__TASK GOAL__.
Pictures aside, print all of the data below exactly as written.

***** ENTRIES PROVIDED *****

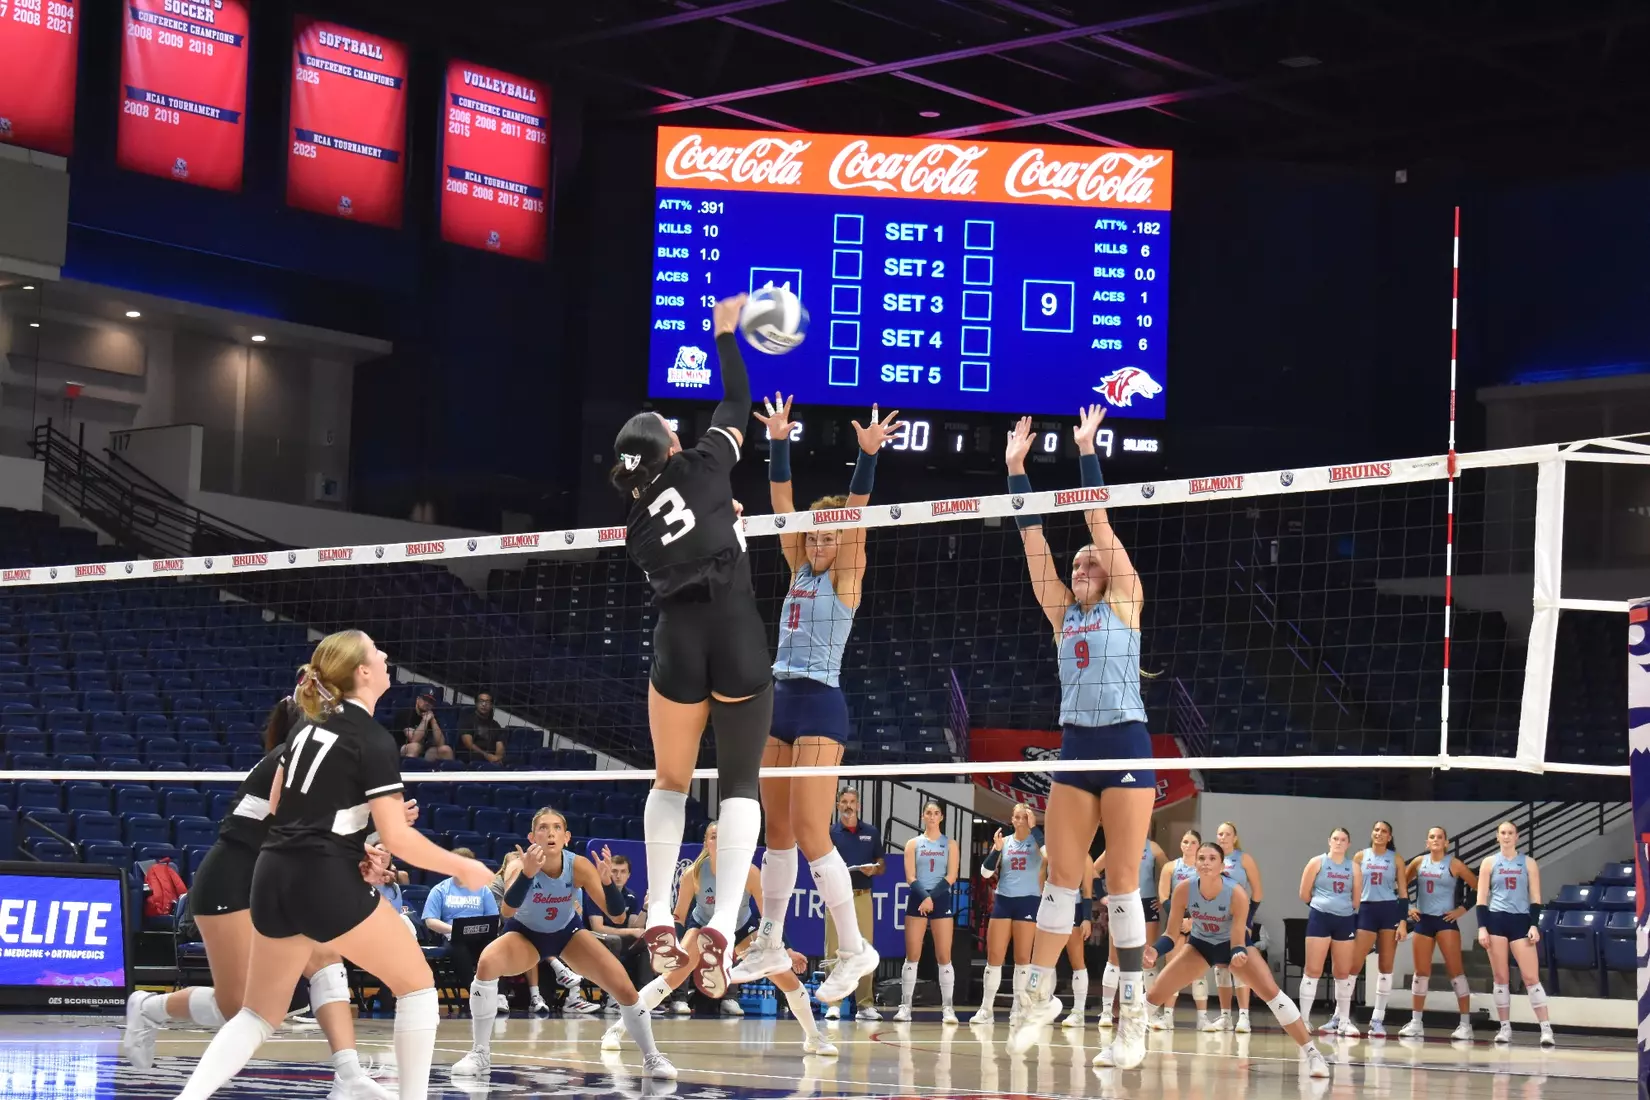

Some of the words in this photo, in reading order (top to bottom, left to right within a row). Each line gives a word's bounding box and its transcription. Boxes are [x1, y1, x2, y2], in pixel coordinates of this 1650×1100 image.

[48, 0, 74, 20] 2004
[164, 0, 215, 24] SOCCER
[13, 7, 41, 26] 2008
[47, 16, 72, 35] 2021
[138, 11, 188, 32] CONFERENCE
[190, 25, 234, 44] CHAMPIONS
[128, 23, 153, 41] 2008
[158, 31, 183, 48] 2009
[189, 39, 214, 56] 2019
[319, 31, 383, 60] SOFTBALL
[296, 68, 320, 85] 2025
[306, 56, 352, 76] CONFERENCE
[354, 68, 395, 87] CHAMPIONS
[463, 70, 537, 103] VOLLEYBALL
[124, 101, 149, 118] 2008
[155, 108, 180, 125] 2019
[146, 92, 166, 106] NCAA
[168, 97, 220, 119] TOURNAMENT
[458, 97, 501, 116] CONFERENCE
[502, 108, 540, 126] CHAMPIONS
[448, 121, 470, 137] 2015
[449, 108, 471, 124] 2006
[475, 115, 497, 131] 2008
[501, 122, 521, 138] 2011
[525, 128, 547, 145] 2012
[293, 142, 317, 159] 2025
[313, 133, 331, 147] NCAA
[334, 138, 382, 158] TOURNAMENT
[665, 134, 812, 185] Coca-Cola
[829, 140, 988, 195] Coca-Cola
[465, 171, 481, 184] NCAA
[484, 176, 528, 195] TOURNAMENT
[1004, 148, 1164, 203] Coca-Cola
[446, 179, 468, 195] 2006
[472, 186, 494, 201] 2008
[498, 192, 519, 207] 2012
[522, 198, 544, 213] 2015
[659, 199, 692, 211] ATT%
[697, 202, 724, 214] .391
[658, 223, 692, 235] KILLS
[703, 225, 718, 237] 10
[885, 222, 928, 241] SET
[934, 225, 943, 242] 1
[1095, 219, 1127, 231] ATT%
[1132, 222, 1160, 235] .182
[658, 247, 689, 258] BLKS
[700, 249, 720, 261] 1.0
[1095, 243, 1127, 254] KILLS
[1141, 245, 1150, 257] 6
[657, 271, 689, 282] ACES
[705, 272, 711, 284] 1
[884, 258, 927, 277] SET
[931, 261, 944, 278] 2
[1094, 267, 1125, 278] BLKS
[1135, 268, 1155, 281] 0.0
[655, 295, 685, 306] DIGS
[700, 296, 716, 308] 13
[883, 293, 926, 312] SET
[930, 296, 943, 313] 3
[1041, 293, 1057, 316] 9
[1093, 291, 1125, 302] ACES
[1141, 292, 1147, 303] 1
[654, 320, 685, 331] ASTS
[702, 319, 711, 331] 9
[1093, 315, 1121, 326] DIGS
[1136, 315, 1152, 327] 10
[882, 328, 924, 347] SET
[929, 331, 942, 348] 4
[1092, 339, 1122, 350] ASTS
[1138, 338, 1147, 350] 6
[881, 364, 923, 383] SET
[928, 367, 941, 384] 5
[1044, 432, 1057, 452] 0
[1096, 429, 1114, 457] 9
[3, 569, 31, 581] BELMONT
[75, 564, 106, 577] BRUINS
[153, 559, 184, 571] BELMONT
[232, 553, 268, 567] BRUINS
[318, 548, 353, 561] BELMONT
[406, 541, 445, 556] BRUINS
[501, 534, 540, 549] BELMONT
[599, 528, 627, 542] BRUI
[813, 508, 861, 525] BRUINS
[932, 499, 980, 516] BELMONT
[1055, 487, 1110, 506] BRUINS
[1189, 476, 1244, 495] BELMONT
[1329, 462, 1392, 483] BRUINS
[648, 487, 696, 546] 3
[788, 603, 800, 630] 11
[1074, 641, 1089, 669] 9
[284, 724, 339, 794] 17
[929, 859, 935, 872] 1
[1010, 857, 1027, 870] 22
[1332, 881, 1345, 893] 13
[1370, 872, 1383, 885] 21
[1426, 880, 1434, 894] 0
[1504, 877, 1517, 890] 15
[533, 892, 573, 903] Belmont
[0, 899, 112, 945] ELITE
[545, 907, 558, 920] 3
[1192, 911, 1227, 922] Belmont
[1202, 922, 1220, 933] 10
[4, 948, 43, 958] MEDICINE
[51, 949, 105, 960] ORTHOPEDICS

*****

__OUTPUT OF THE TASK__.
Some of the words in this photo, in reading order (top to bottom, left to right within a row). Each line gives a word's bounding box and its transcription. Boxes are [x1, y1, x2, y2], in pixel coordinates of this 1650×1100 image.

[48, 0, 74, 20] 2004
[164, 0, 215, 24] SOCCER
[13, 7, 41, 26] 2008
[47, 16, 72, 35] 2021
[138, 11, 188, 32] CONFERENCE
[190, 25, 234, 44] CHAMPIONS
[128, 23, 153, 41] 2008
[158, 31, 183, 48] 2009
[189, 39, 214, 56] 2019
[319, 31, 383, 60] SOFTBALL
[296, 68, 320, 85] 2025
[306, 56, 352, 76] CONFERENCE
[354, 68, 395, 87] CHAMPIONS
[463, 70, 537, 103] VOLLEYBALL
[124, 101, 149, 118] 2008
[155, 108, 180, 125] 2019
[146, 92, 166, 106] NCAA
[168, 97, 220, 119] TOURNAMENT
[458, 97, 501, 116] CONFERENCE
[502, 108, 540, 126] CHAMPIONS
[448, 121, 470, 137] 2015
[449, 108, 471, 124] 2006
[475, 115, 497, 131] 2008
[501, 122, 521, 138] 2011
[525, 128, 547, 145] 2012
[293, 142, 317, 159] 2025
[313, 133, 331, 147] NCAA
[334, 138, 382, 158] TOURNAMENT
[665, 134, 812, 185] Coca-Cola
[829, 140, 988, 195] Coca-Cola
[465, 171, 481, 184] NCAA
[484, 176, 528, 195] TOURNAMENT
[1004, 148, 1164, 203] Coca-Cola
[446, 179, 468, 195] 2006
[472, 186, 494, 201] 2008
[498, 192, 519, 207] 2012
[522, 198, 544, 213] 2015
[659, 199, 692, 211] ATT%
[697, 202, 724, 214] .391
[658, 223, 692, 235] KILLS
[703, 225, 718, 237] 10
[885, 222, 928, 241] SET
[934, 225, 943, 242] 1
[1095, 219, 1127, 231] ATT%
[1132, 222, 1160, 235] .182
[658, 247, 689, 258] BLKS
[700, 249, 720, 261] 1.0
[1095, 243, 1127, 254] KILLS
[1141, 245, 1150, 257] 6
[657, 271, 689, 282] ACES
[705, 272, 711, 284] 1
[884, 258, 927, 277] SET
[931, 261, 944, 278] 2
[1094, 267, 1125, 278] BLKS
[1135, 268, 1155, 281] 0.0
[655, 295, 685, 306] DIGS
[700, 296, 716, 308] 13
[883, 293, 926, 312] SET
[930, 296, 943, 313] 3
[1041, 293, 1057, 316] 9
[1093, 291, 1125, 302] ACES
[1141, 292, 1147, 303] 1
[654, 320, 685, 331] ASTS
[702, 319, 711, 331] 9
[1093, 315, 1121, 326] DIGS
[1136, 315, 1152, 327] 10
[882, 328, 924, 347] SET
[929, 331, 942, 348] 4
[1092, 339, 1122, 350] ASTS
[1138, 338, 1147, 350] 6
[881, 364, 923, 383] SET
[928, 367, 941, 384] 5
[1044, 432, 1057, 452] 0
[1096, 429, 1114, 457] 9
[3, 569, 31, 581] BELMONT
[75, 564, 106, 577] BRUINS
[153, 559, 184, 571] BELMONT
[232, 553, 268, 567] BRUINS
[318, 548, 353, 561] BELMONT
[406, 541, 445, 556] BRUINS
[501, 534, 540, 549] BELMONT
[599, 528, 627, 542] BRUI
[813, 508, 861, 525] BRUINS
[932, 499, 980, 516] BELMONT
[1055, 487, 1110, 506] BRUINS
[1189, 476, 1244, 495] BELMONT
[1329, 462, 1392, 483] BRUINS
[648, 487, 696, 546] 3
[788, 603, 800, 630] 11
[1074, 641, 1089, 669] 9
[284, 724, 339, 794] 17
[929, 859, 935, 872] 1
[1010, 857, 1027, 870] 22
[1332, 881, 1345, 893] 13
[1370, 872, 1383, 885] 21
[1426, 880, 1434, 894] 0
[1504, 877, 1517, 890] 15
[533, 892, 573, 903] Belmont
[0, 899, 112, 945] ELITE
[545, 907, 558, 920] 3
[1192, 911, 1227, 922] Belmont
[1202, 922, 1220, 933] 10
[4, 948, 43, 958] MEDICINE
[51, 949, 105, 960] ORTHOPEDICS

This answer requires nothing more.